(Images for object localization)
────────────────────────────────────────

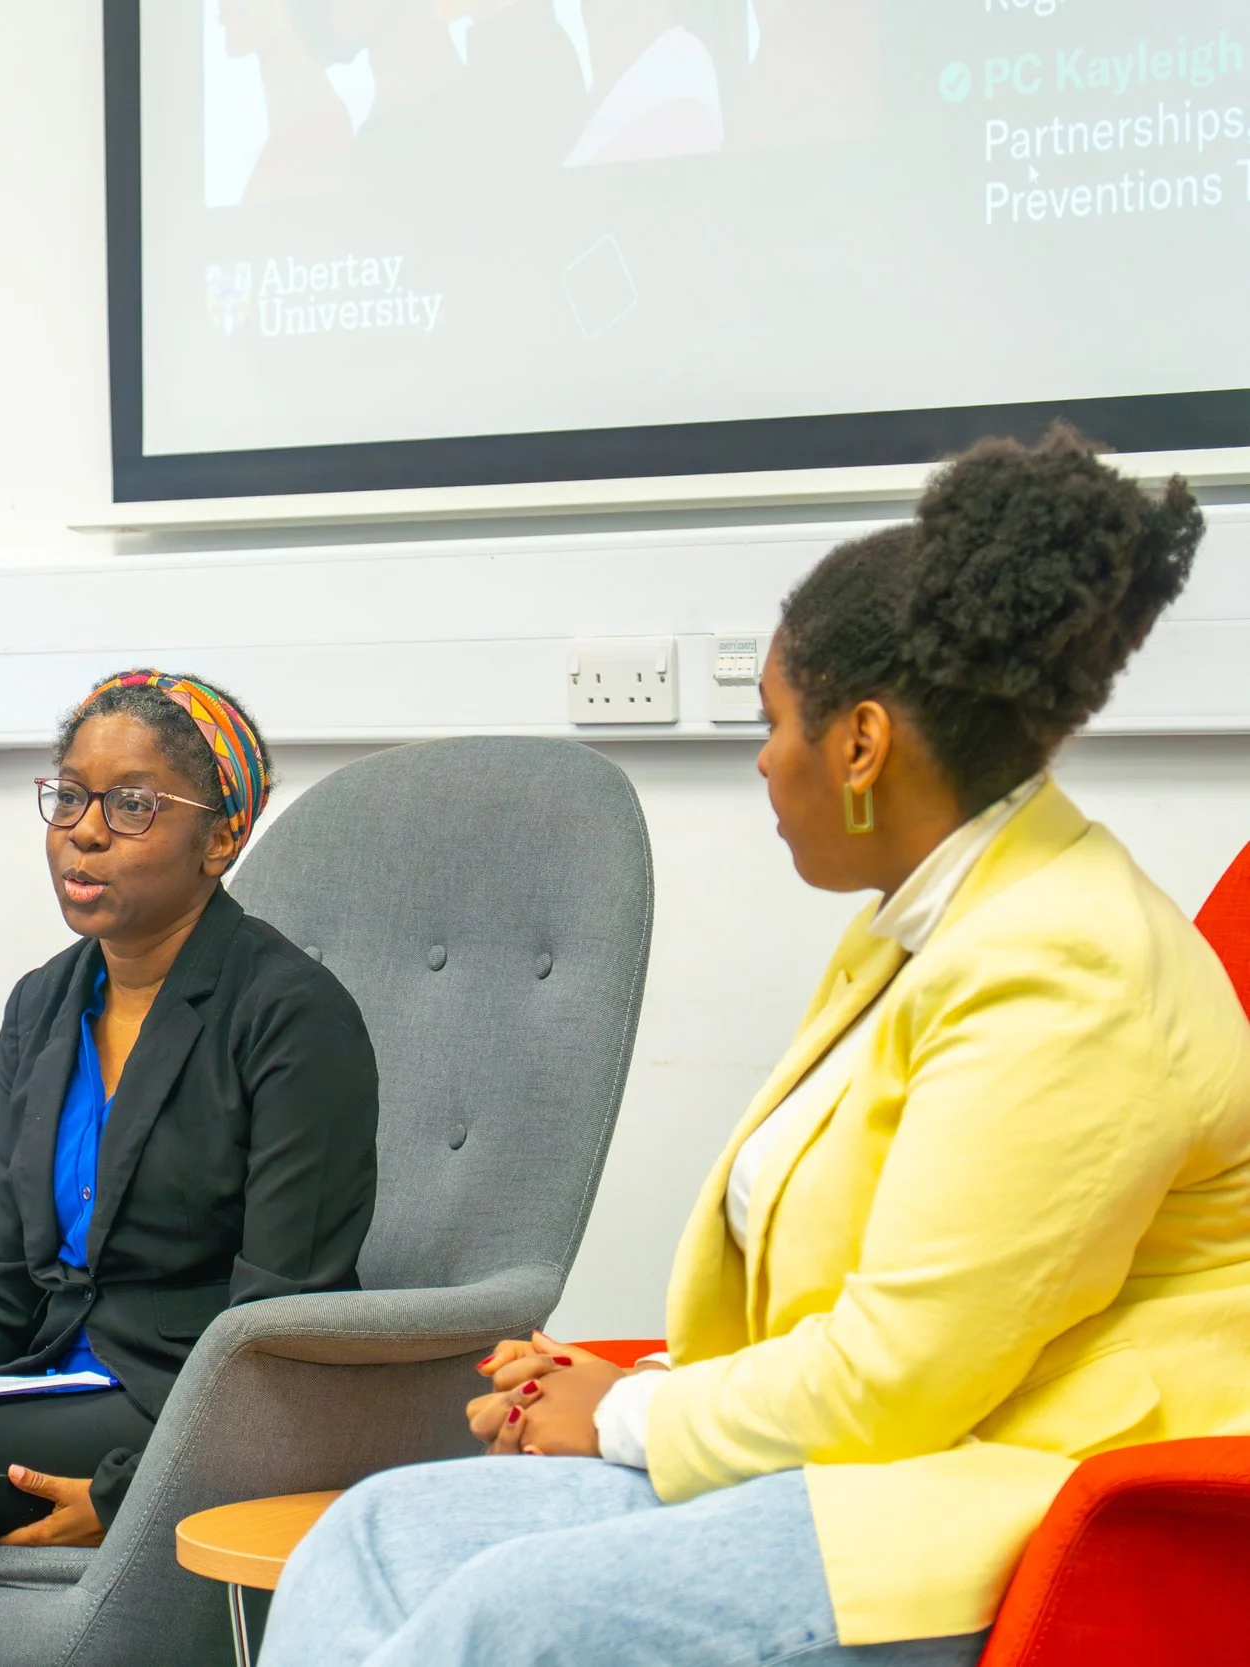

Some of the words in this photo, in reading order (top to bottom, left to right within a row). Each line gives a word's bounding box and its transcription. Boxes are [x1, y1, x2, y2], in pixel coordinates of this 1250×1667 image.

[983, 52, 1043, 99] PC
[1055, 29, 1244, 98] Kayleigh
[985, 168, 1223, 225] Preventions
[258, 253, 404, 296] Abertay
[258, 289, 443, 337] University
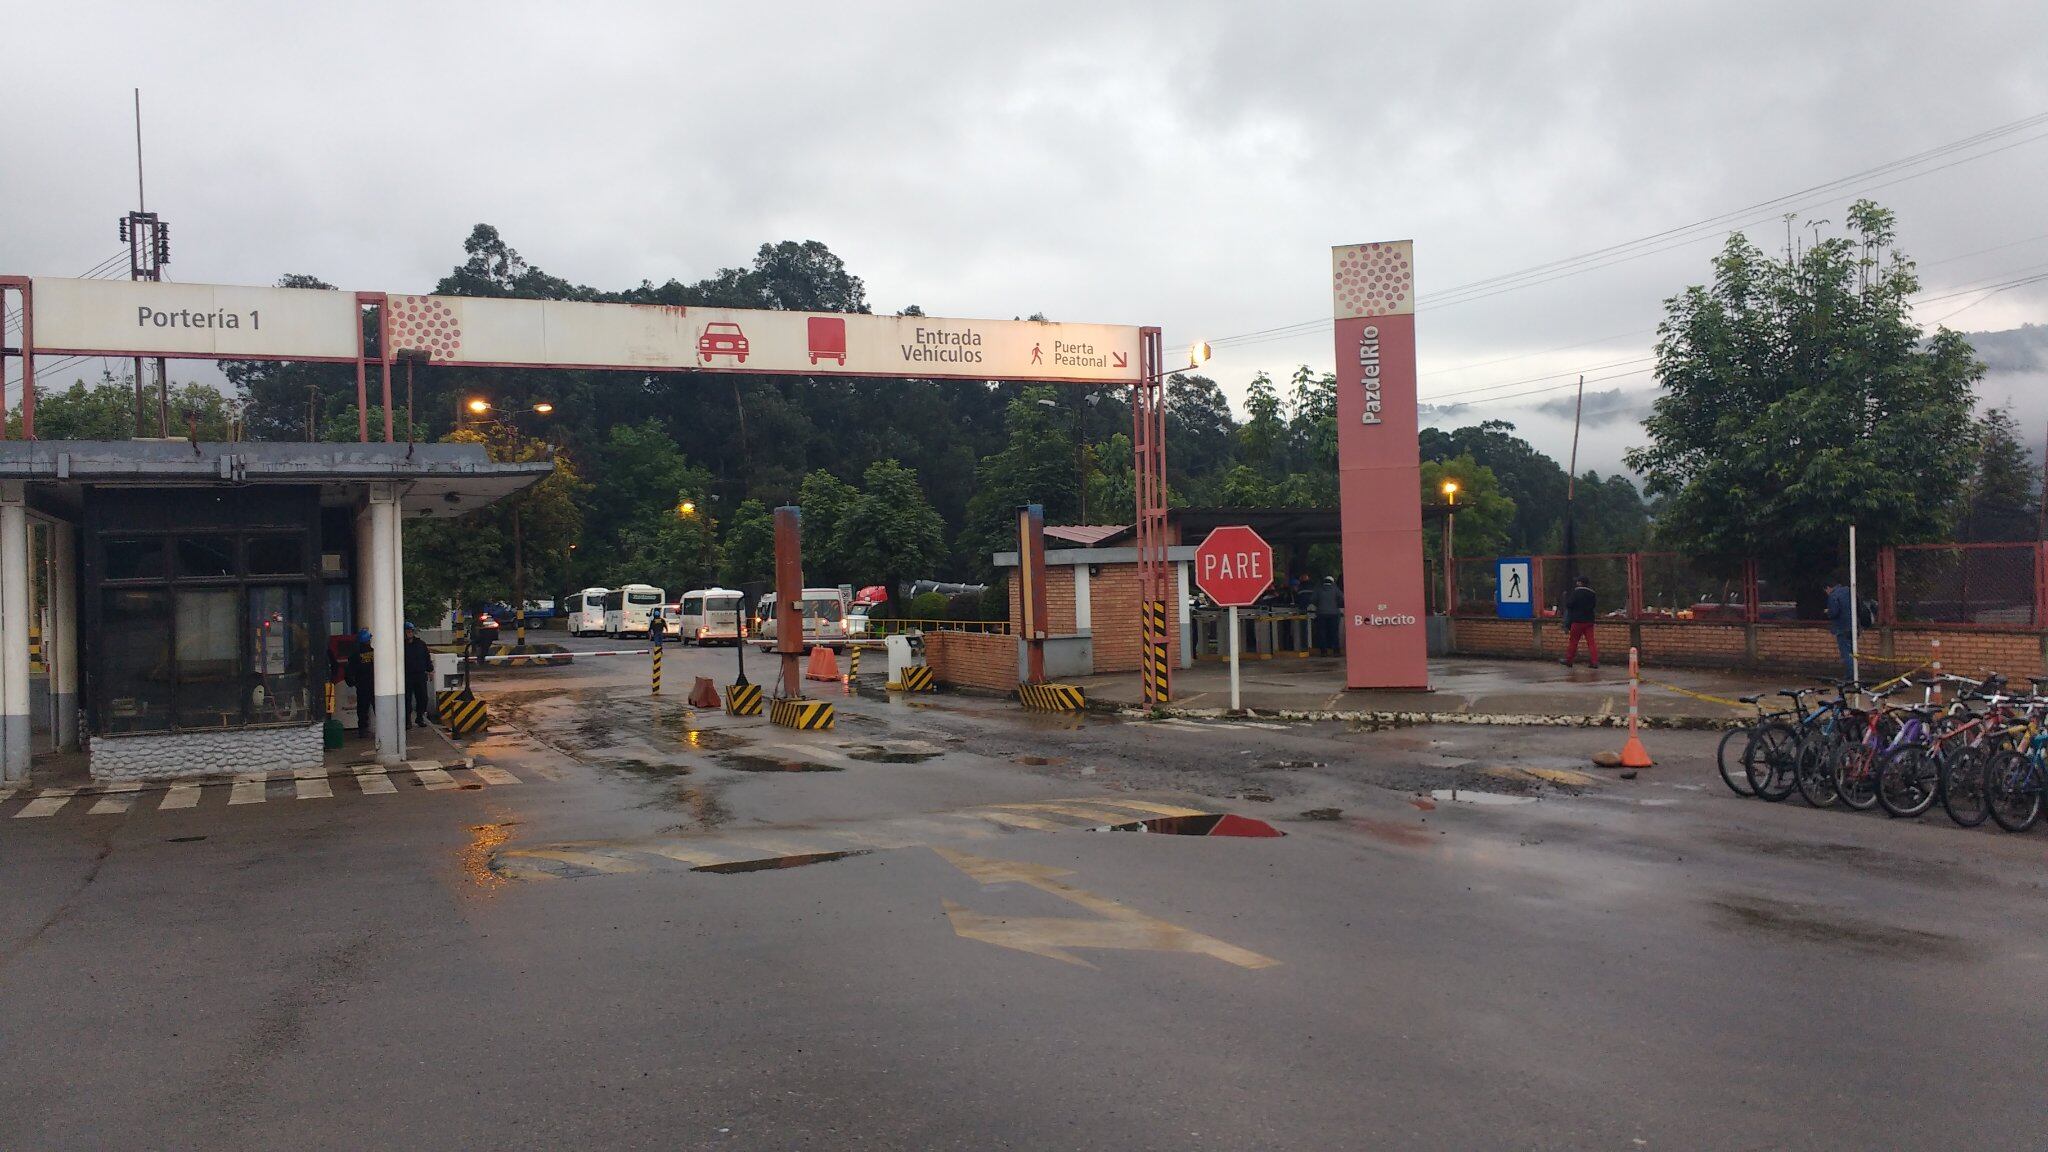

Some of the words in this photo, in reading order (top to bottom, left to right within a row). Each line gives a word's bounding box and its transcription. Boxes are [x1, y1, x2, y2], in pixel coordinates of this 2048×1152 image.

[138, 306, 239, 329] Portería
[249, 310, 259, 330] 1
[916, 327, 982, 346] Entrada
[901, 344, 983, 363] Vehículos
[1054, 340, 1094, 354] Puerta
[1054, 352, 1107, 368] Peatonal
[1204, 551, 1263, 581] PARE
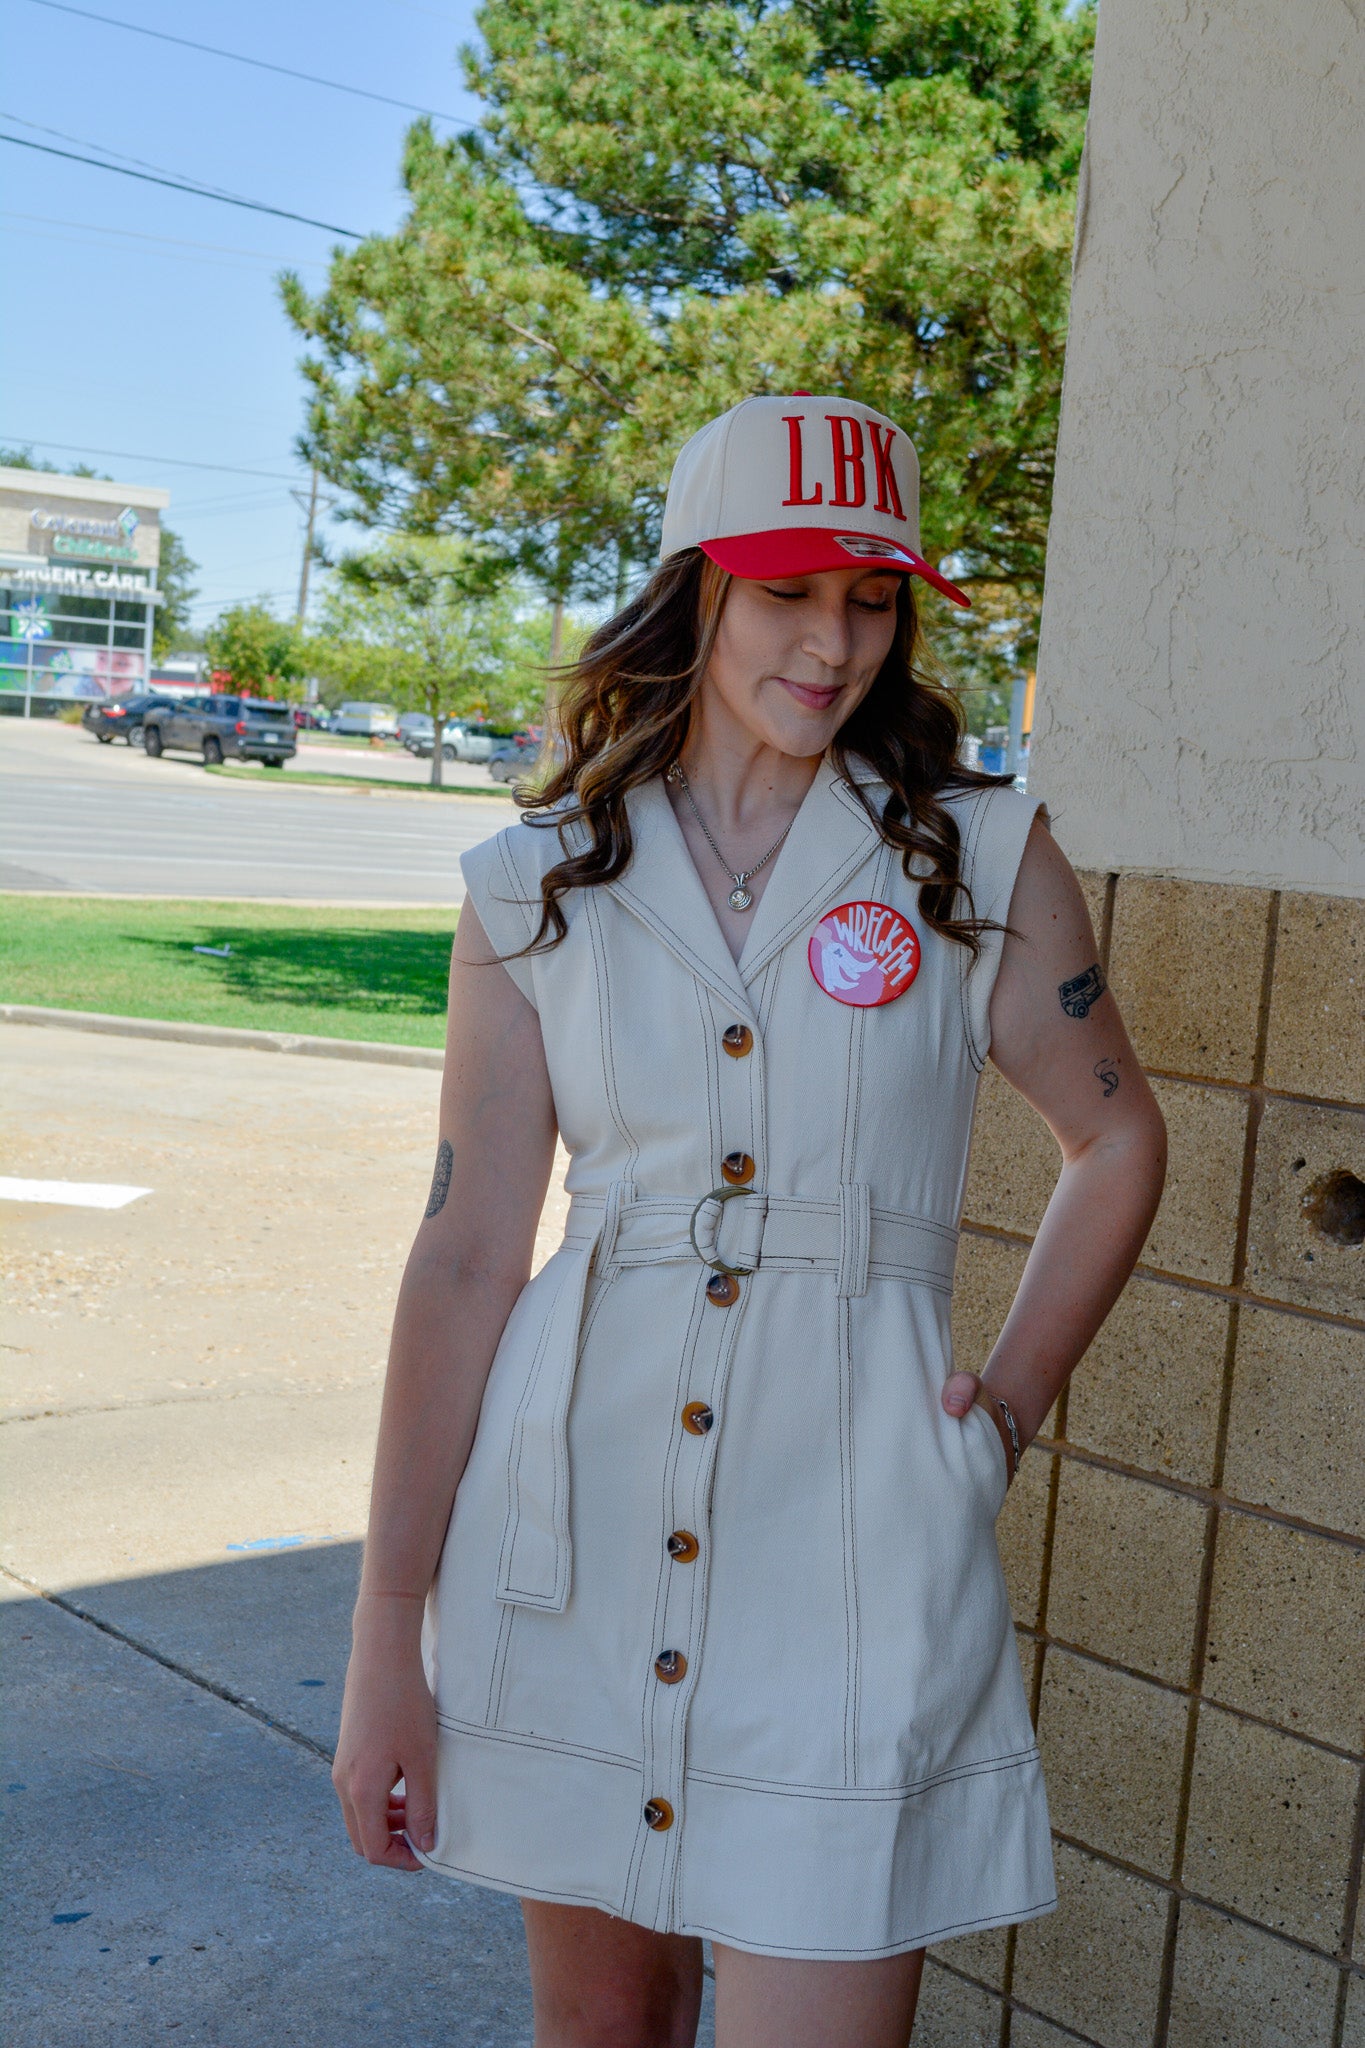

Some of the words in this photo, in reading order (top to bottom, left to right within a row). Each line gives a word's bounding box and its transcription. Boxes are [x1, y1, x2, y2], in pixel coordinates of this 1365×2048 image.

[781, 415, 907, 521] LBK
[93, 570, 148, 591] CARE
[832, 904, 904, 957] WRECK

────────────────────────────────────────

## AIM OF THE EXERCISE
Reproduce the records in full, exactly as they appear, and show none of the pictures.

## ANSWER TO THE PROBLEM
Some of the words in this photo, in reading order (top to bottom, left to right within a row). Each line gives a word's bounding box and its transcription. Boxes are [x1, y1, x2, y2], in pixel coordinates of this 1250×1667 image.

[983, 52, 1043, 99] PC
[1055, 29, 1244, 98] Kayleigh
[985, 168, 1223, 225] Preventions
[258, 253, 404, 296] Abertay
[258, 289, 443, 337] University

Some of the words in this photo, in reading order (top to bottom, left to right within a row). Each line gives a word's bounding box and its transcription. Boxes are [x1, y1, x2, y2], in pixel coordinates of this 2048×1152 image.

[138, 306, 239, 329] Portería
[249, 310, 259, 330] 1
[916, 327, 982, 346] Entrada
[901, 344, 983, 363] Vehículos
[1054, 340, 1094, 354] Puerta
[1054, 352, 1107, 368] Peatonal
[1204, 551, 1263, 581] PARE

Some of the words in this photo, in reading order (top to bottom, left to right within a row). Each line gives a word's bounding box and its transcription. Boxes are [x1, y1, x2, y2], in pixel coordinates of this 1365×2048 image.

[781, 415, 907, 521] LBK
[93, 570, 148, 591] CARE
[832, 904, 904, 957] WRECK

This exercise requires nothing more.